Determine equation in standard form of a hyperbola with foci at $(3,7)$ and $(3,-1)$ with eccentricity $e=2$.
Working:
The equation must be in form $\frac{(y-q)^2}{a^2}-\frac{(x-s)^2}{b^2}=1$, where $a^2+b^2=c^2$.
The foci lie on the line $x=3$ which is the major axis. The center is the midpoint of the foci at $(3,3)$. So $q=3$ and $s=3$.
Normally for the major axis being parallel to the y-axis, the foci would be at $(0,c)$ and $(0,-c)$. So in this case they are at $(3,c+3)$ and $(3,-c+3)$. This means $c=4$.
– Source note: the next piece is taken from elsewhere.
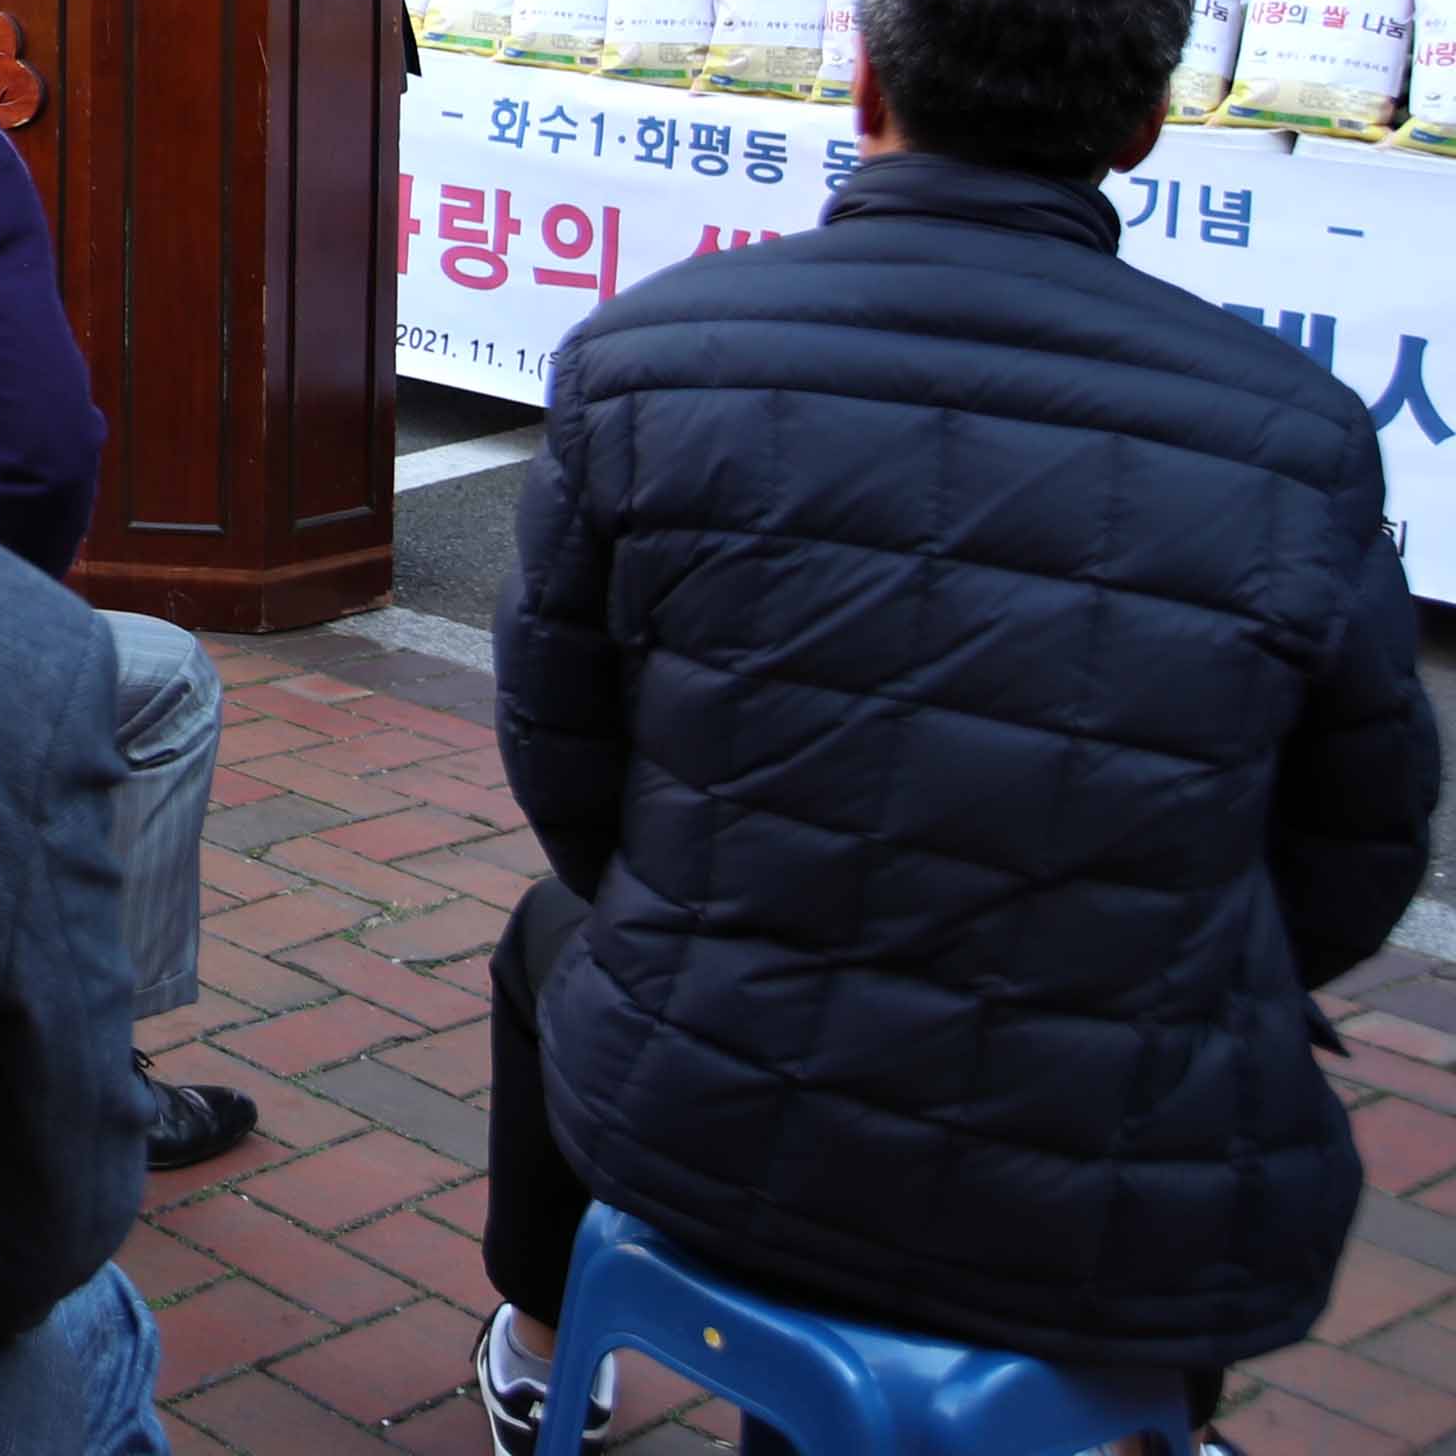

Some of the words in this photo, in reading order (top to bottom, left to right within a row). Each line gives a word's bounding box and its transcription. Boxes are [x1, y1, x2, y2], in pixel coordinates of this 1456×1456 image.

Since $e=\frac{c}{a}$, we must have $a=2$ and $b=2 \sqrt{3}$. This gives $\frac{(y-3)^2}{4}-\frac{(x-3)^2}{12}=1$.
However, I think this is wrong as the distance from a point to the two foci must always add to $2a$ which isn't the case. I know my center is correct though.
Best Answer
Your answer $\frac{(y-3)^2}{4}-\frac{(x-3)^2}{12}=1$ is correct.
No, for your hyperbola (not ellipse), we have $|PF_1-PF_2|=4$.